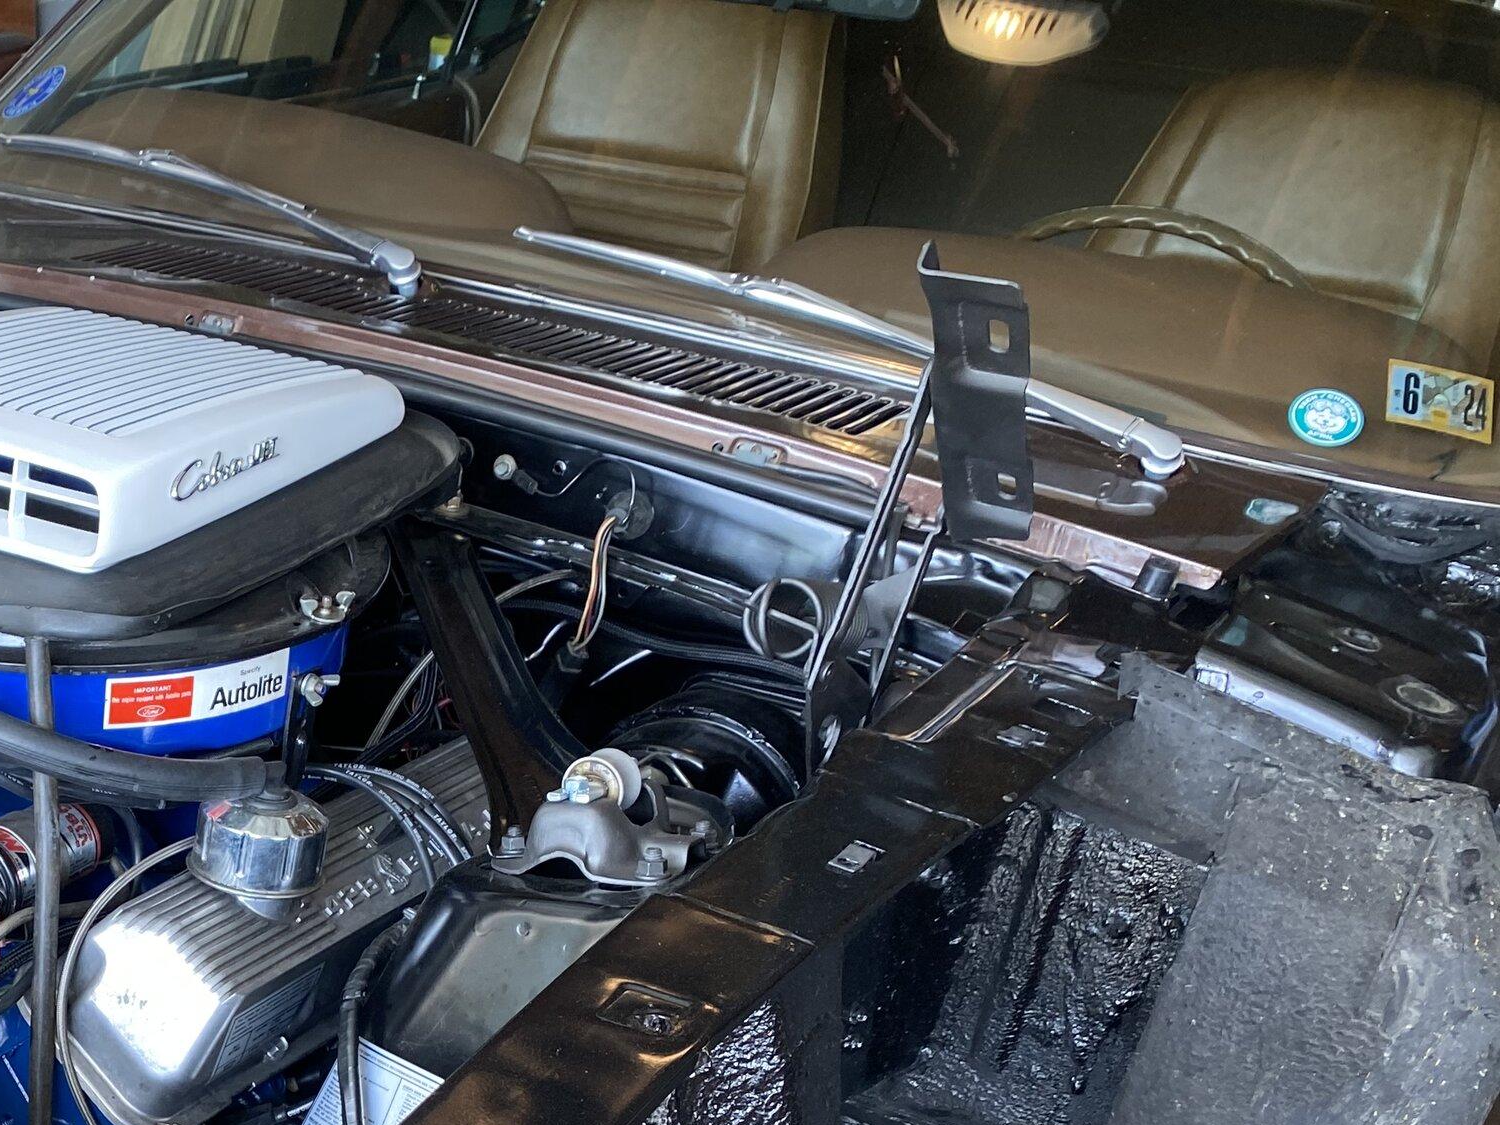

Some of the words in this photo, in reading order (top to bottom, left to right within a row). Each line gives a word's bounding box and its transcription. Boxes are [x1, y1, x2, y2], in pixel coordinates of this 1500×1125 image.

[1402, 372, 1420, 415] 6
[1463, 383, 1487, 430] 24
[240, 665, 262, 676] Specify
[133, 684, 171, 694] IMPORTANT
[210, 672, 283, 710] Autolite
[333, 762, 366, 770] TAYLOR
[434, 813, 457, 842] TAYLOR
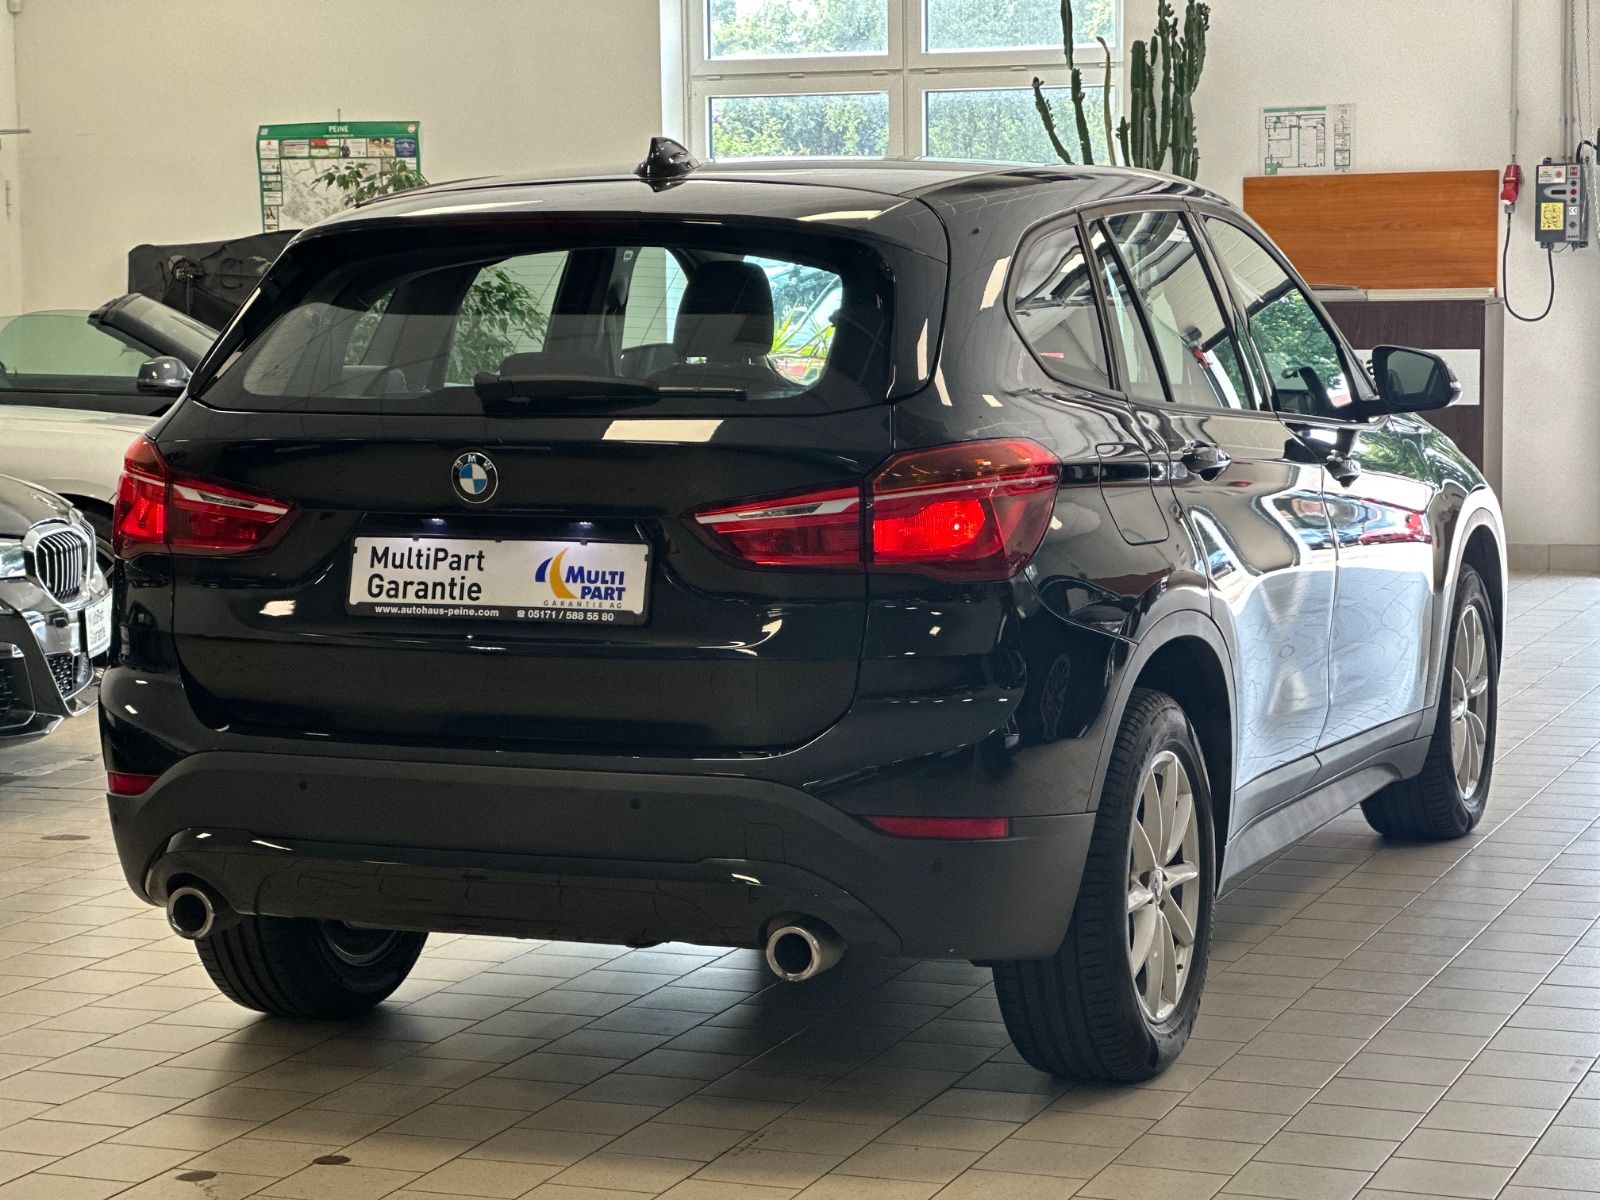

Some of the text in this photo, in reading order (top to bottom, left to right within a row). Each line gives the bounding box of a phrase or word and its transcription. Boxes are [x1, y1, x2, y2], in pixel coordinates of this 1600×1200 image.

# # # # #

◆ **Exercise prompt**
What this calls for is the material above set down exactly, pictures excluded.

◆ **Reply to the task**
Some of the words in this photo, in reading order (top to bottom, left to right within a row). Each line gives a word's bounding box and its transcription. Boxes are [x1, y1, x2, y2], in pixel coordinates of this 1500×1125 image.

[1402, 372, 1420, 415] 6
[1463, 383, 1487, 430] 24
[240, 665, 262, 676] Specify
[133, 684, 171, 694] IMPORTANT
[210, 672, 283, 710] Autolite
[333, 762, 366, 770] TAYLOR
[434, 813, 457, 842] TAYLOR

Some of the text in this photo, in reading order (top to bottom, left to right within a row). Each line gives the bounding box of a phrase or word and its transcription. Boxes are [x1, y1, x2, y2], in pixel coordinates of this 1600×1200 image.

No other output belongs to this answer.